■ Required work:
Please restate every line below exactly, without any pictures.

Saved data entries:
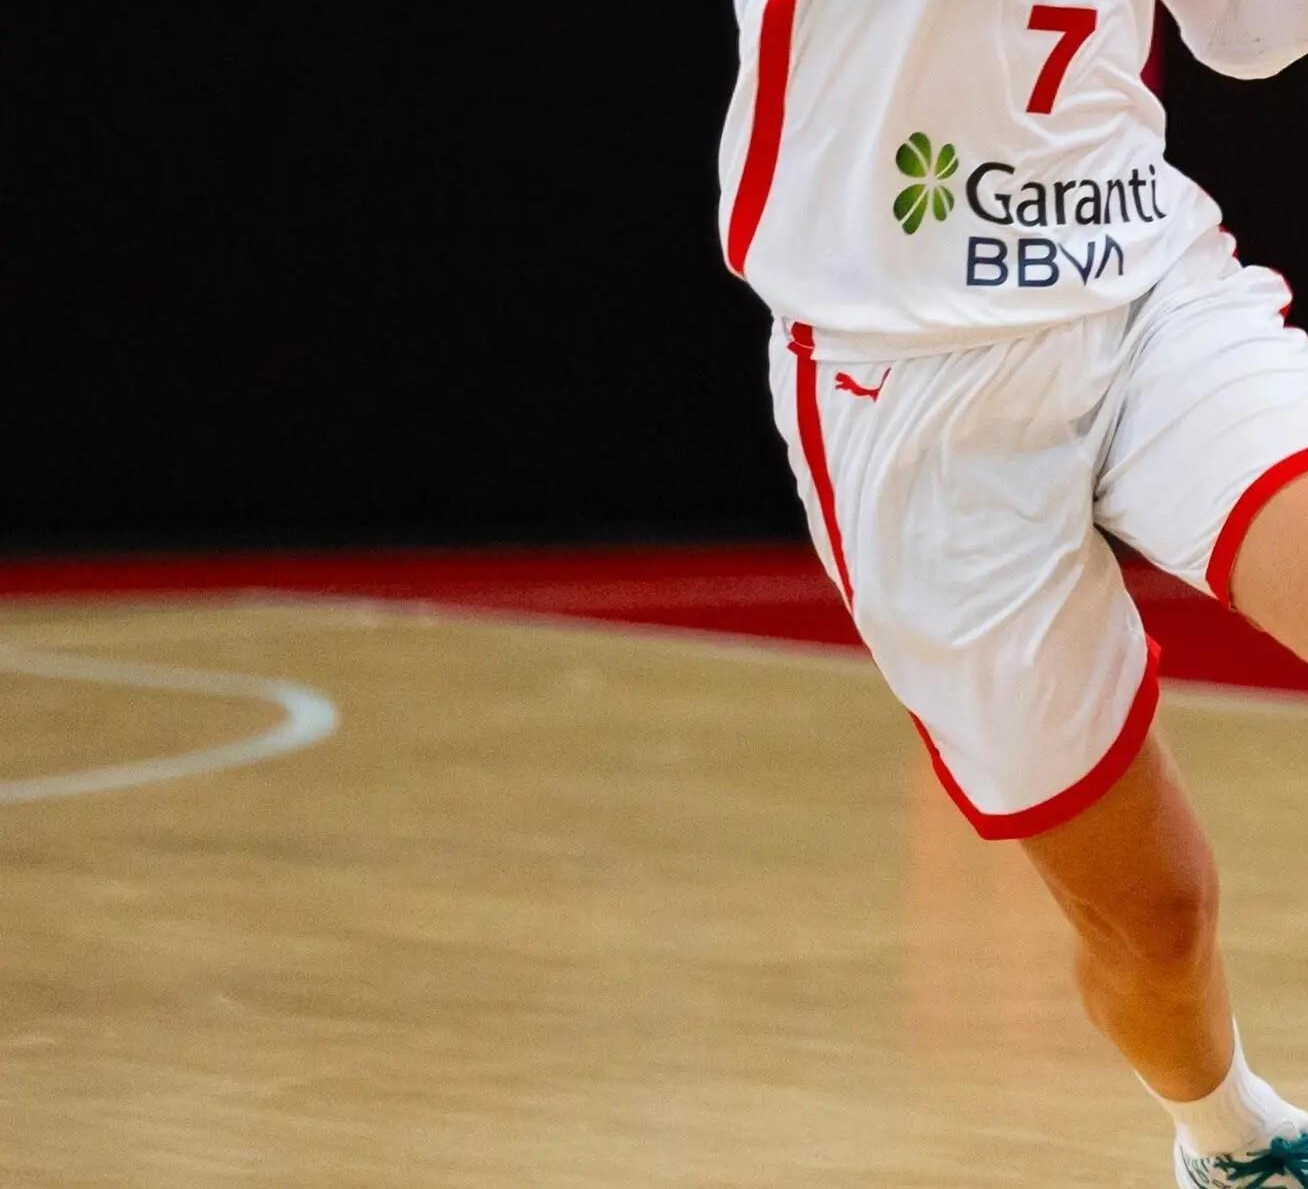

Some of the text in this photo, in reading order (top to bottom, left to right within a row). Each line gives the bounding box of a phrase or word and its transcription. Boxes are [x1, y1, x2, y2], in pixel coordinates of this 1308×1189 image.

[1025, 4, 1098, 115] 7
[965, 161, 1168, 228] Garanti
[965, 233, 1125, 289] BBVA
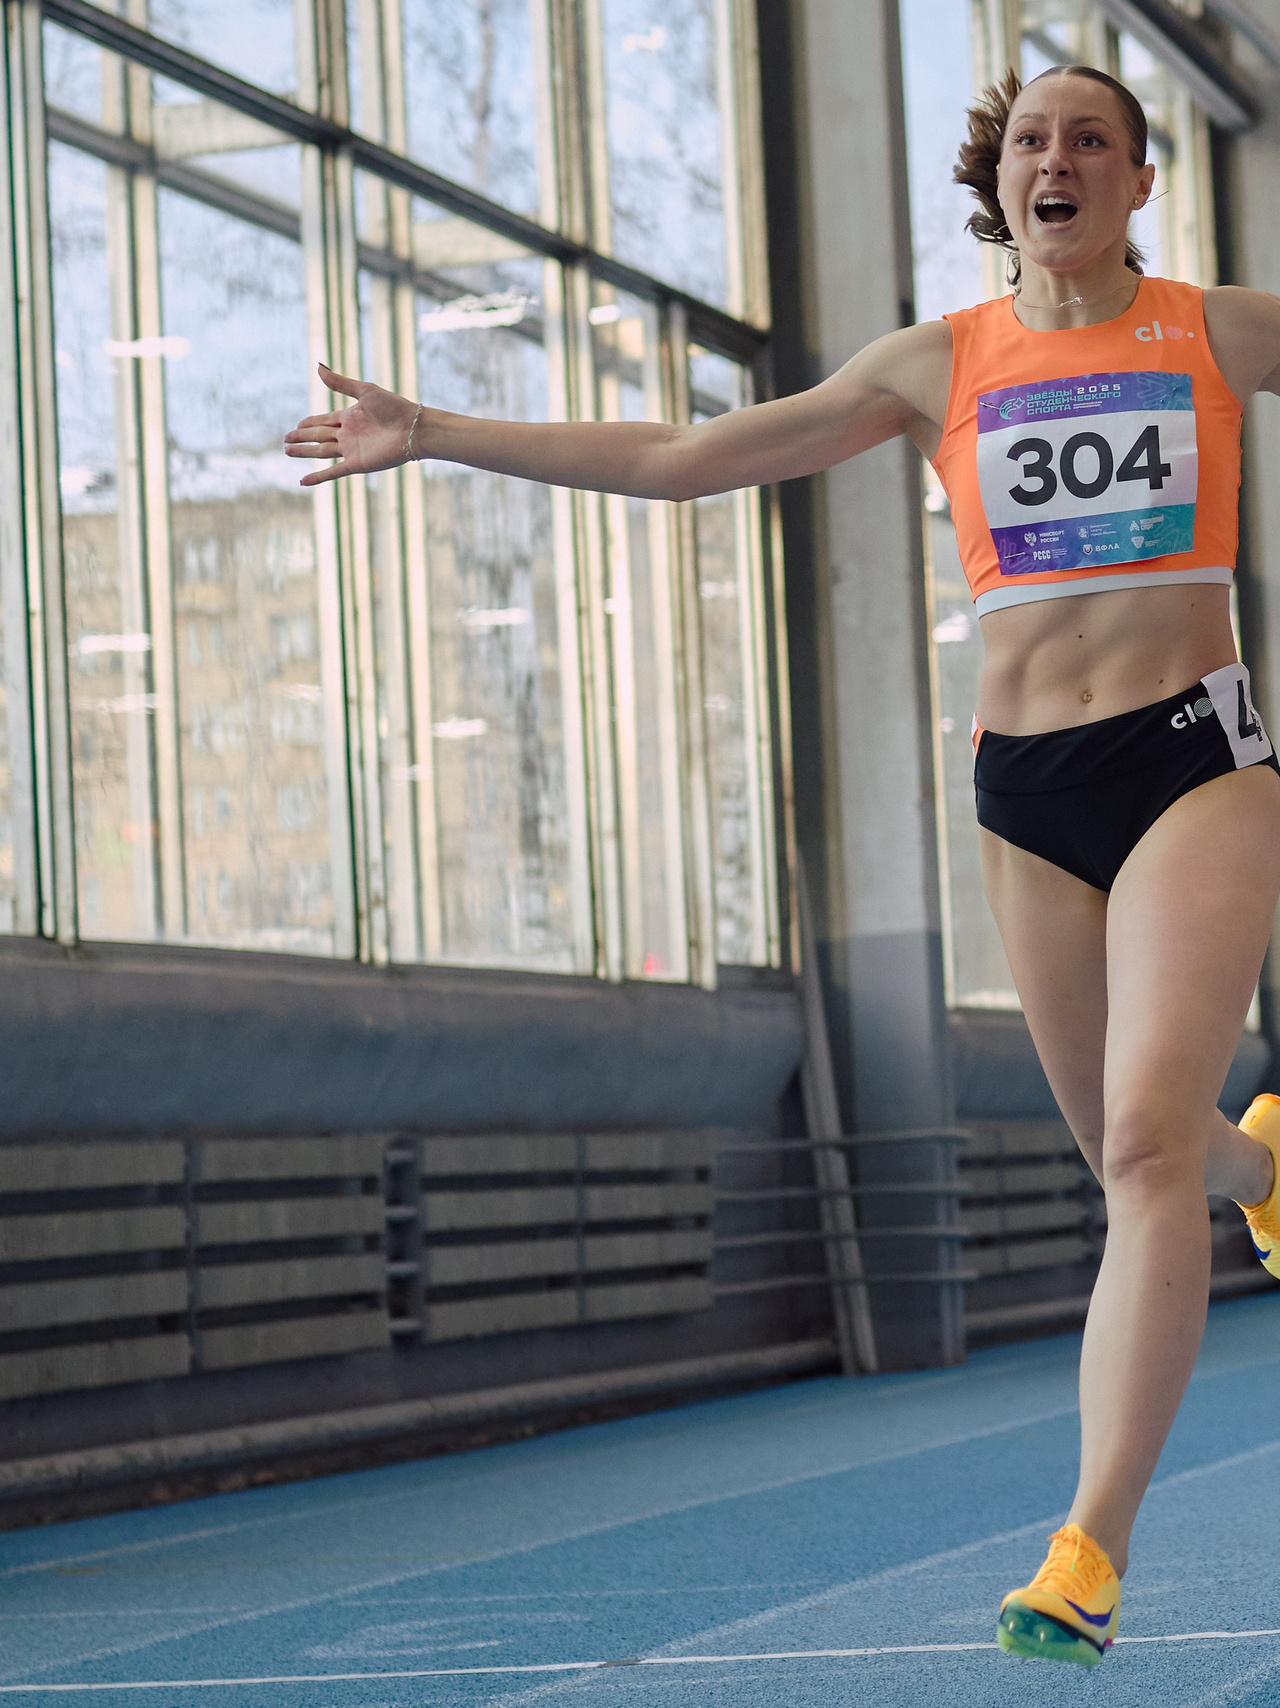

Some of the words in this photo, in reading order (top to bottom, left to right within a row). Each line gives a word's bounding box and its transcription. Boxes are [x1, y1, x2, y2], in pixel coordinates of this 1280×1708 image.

■ Exercise answer:
Some of the text in this photo, in reading order (top to bottom, left to right within a row). Each line gives the bounding box of a phrase or word and its transcription. Boxes are [x1, y1, x2, y2], in pixel coordinates of this 1308×1189 image.

[1025, 4, 1098, 115] 7
[965, 161, 1168, 228] Garanti
[965, 233, 1125, 289] BBVA

Some of the words in this photo, in reading order (top to bottom, left to right within a row). Each line gives a word's bounding box and its transcription. Boxes are [x1, y1, x2, y2], in pixel coordinates of this 1280×1708 image.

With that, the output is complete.